== Assigned task ==
Where the lines below hold images, skip those and copy every word exactly.

==== Available data ====

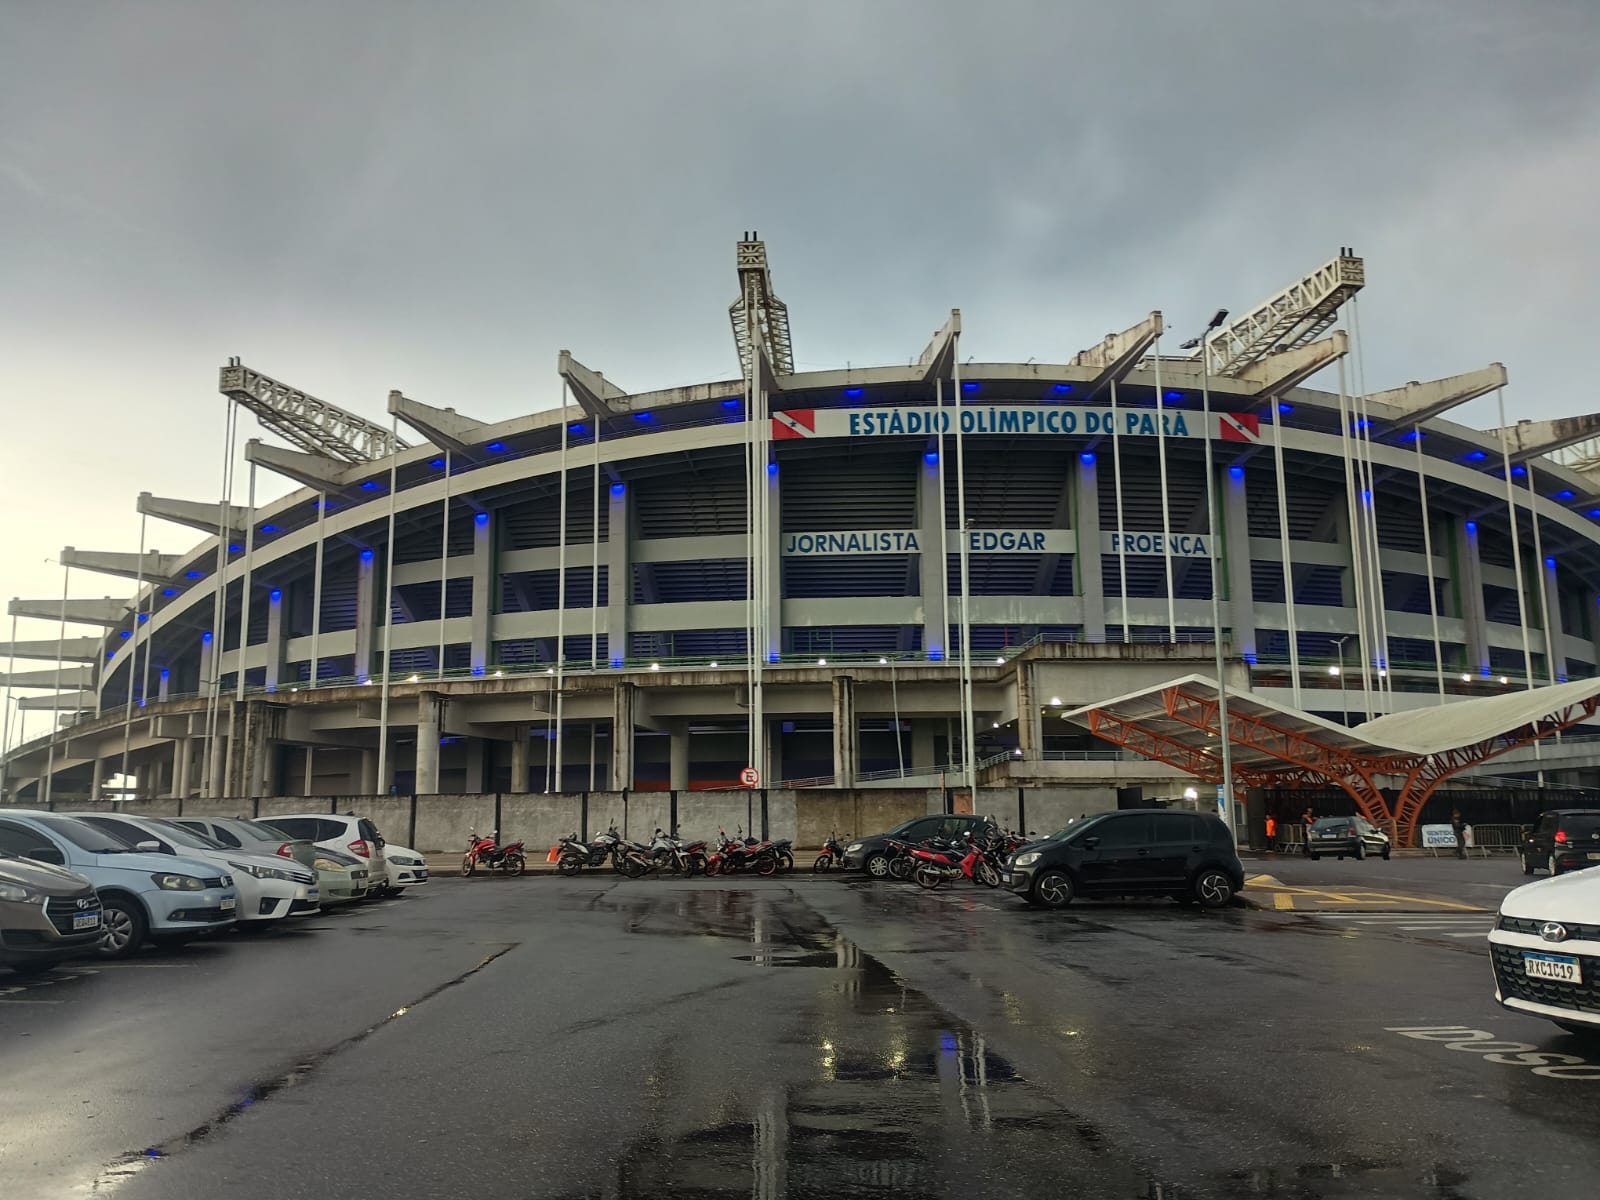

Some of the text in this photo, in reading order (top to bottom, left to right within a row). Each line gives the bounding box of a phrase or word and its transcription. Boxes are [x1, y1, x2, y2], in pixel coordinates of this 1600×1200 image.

[849, 407, 1189, 436] ESTÁDIO OLÍMPICO DO PARÁ
[786, 531, 1208, 556] JORNALISTA EDGAR PROENÇA
[1528, 959, 1574, 980] RXC1C19
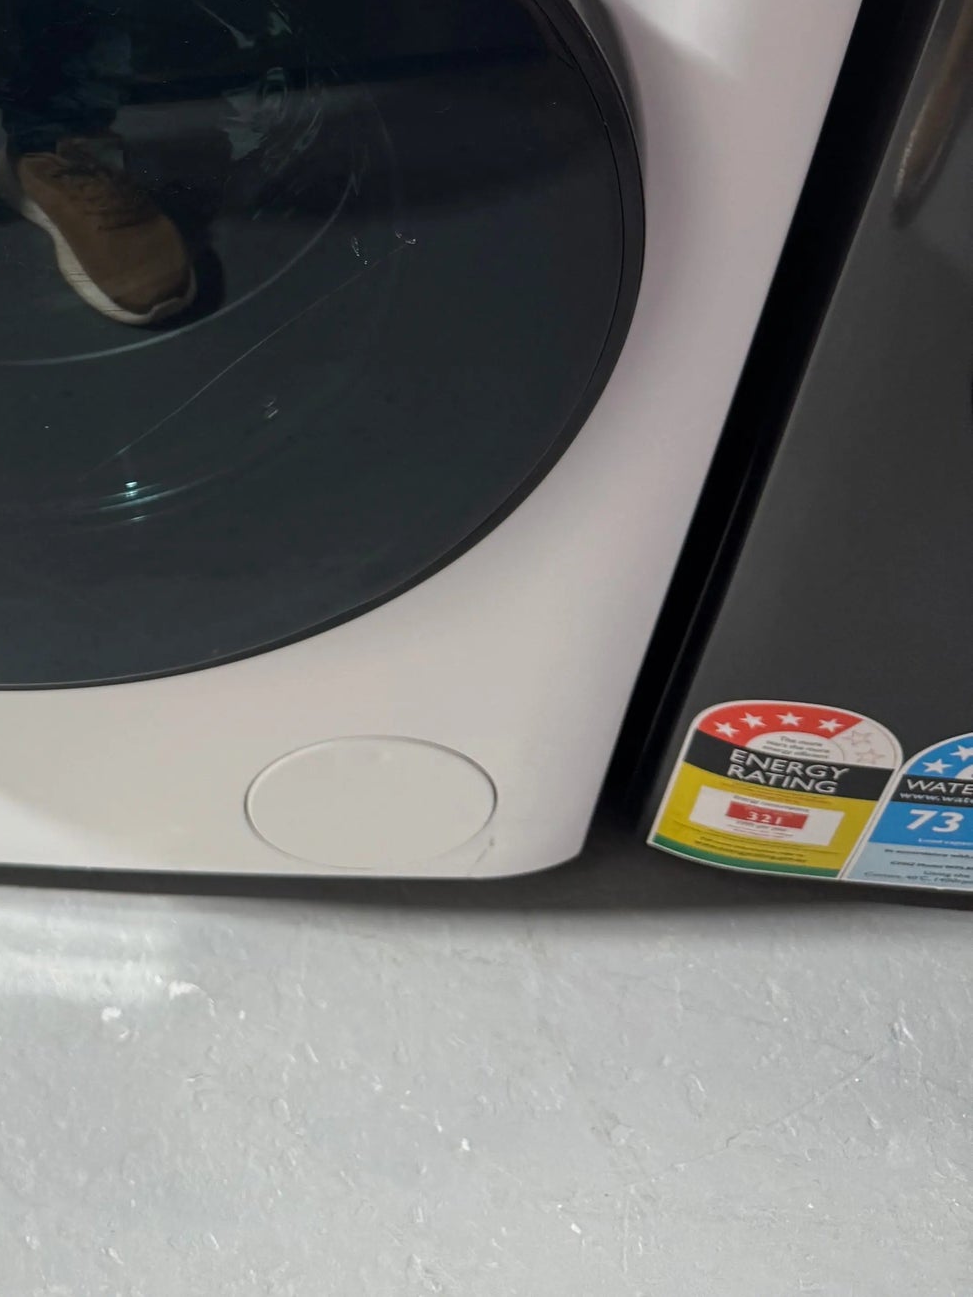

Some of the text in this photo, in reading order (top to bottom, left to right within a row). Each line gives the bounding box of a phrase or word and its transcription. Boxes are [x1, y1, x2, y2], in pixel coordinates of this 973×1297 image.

[729, 749, 850, 780] ENERGY
[727, 764, 839, 794] RATING
[907, 778, 973, 795] WATE
[899, 792, 973, 805] www.wate
[746, 810, 783, 825] 321
[905, 808, 965, 833] 73
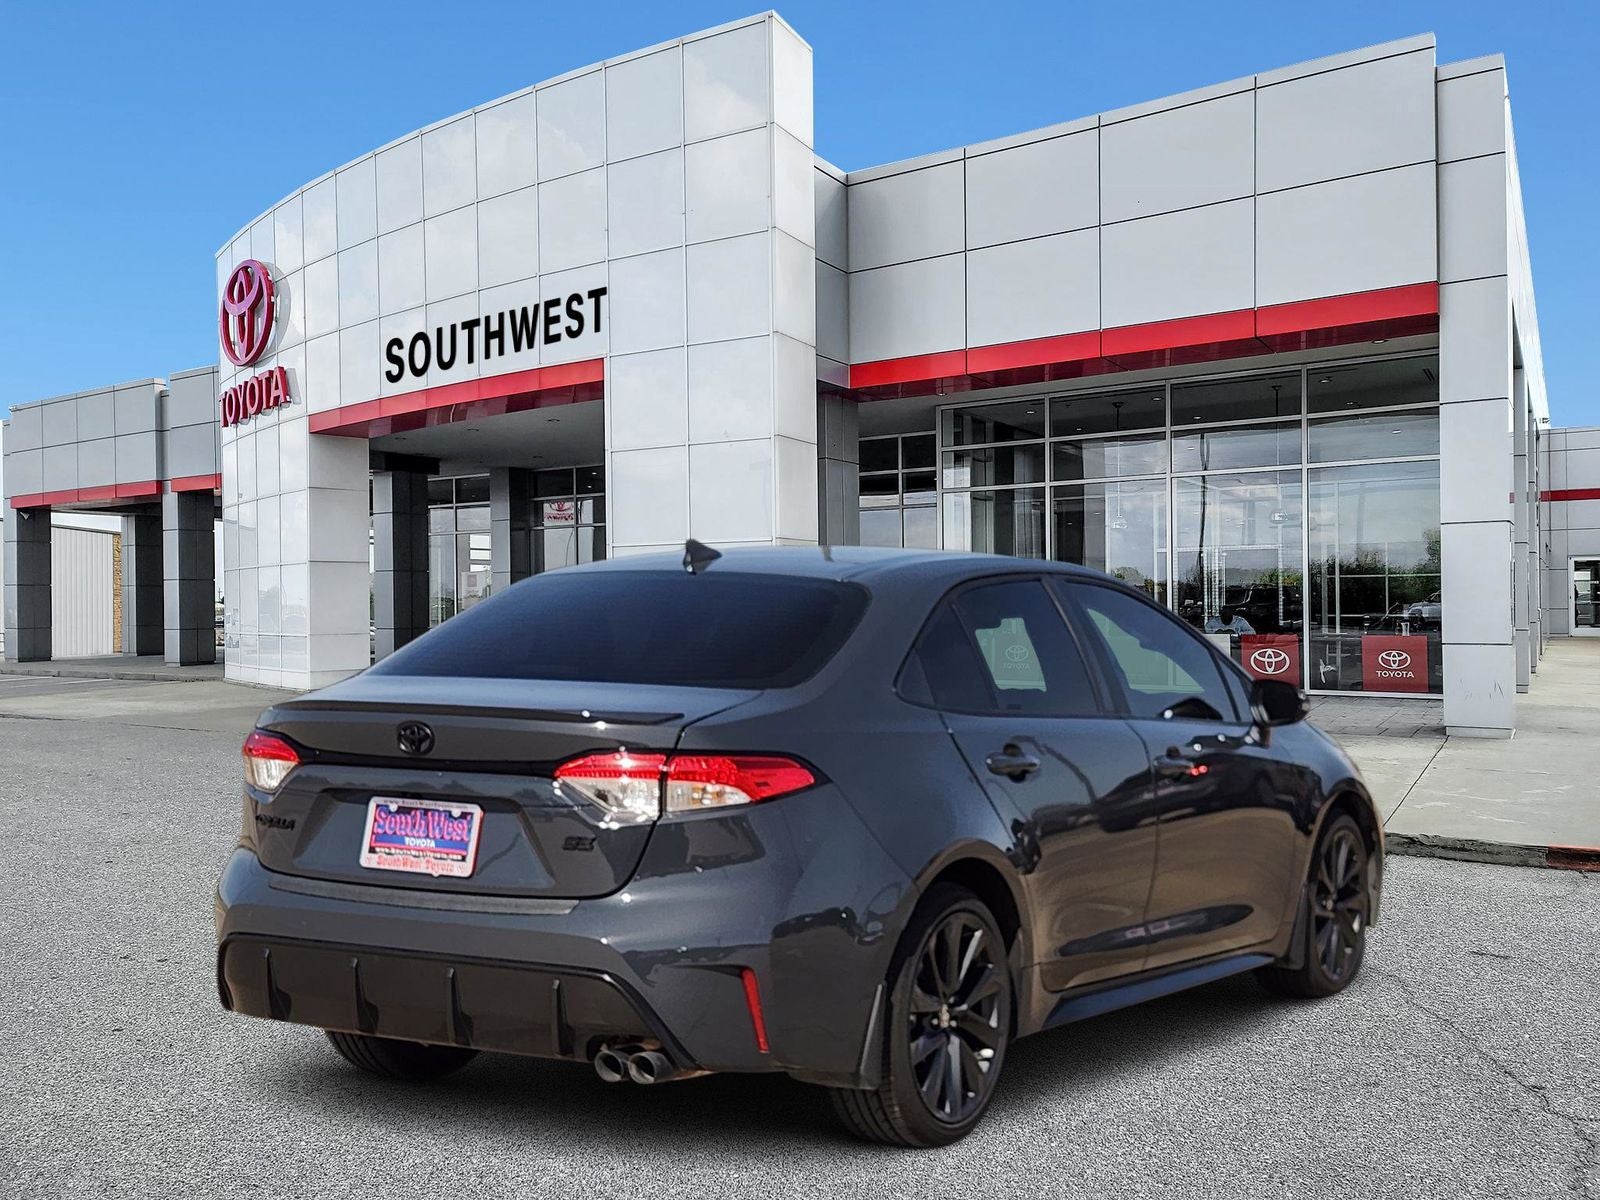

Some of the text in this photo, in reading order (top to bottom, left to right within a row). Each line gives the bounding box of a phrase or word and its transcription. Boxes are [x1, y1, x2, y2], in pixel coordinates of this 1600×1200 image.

====

== Solution below ==
Some of the text in this photo, in reading order (top to bottom, left to right within a row). Each line gives the bounding box of a phrase or word and its transcription. Boxes are [x1, y1, x2, y2], in pixel coordinates of this 1600×1200 image.

[849, 407, 1189, 436] ESTÁDIO OLÍMPICO DO PARÁ
[786, 531, 1208, 556] JORNALISTA EDGAR PROENÇA
[1528, 959, 1574, 980] RXC1C19

Some of the text in this photo, in reading order (top to bottom, left to right within a row). Each line gives the bounding box of a phrase or word and its transcription. Boxes are [x1, y1, x2, y2], in pixel coordinates of this 973×1297 image.

[729, 749, 850, 780] ENERGY
[727, 764, 839, 794] RATING
[907, 778, 973, 795] WATE
[899, 792, 973, 805] www.wate
[746, 810, 783, 825] 321
[905, 808, 965, 833] 73

Some of the text in this photo, in reading order (top to bottom, left to right within a row). Each line gives the bounding box of a phrase or word and its transcription. Boxes are [x1, y1, x2, y2], in pixel coordinates of this 1600×1200 image.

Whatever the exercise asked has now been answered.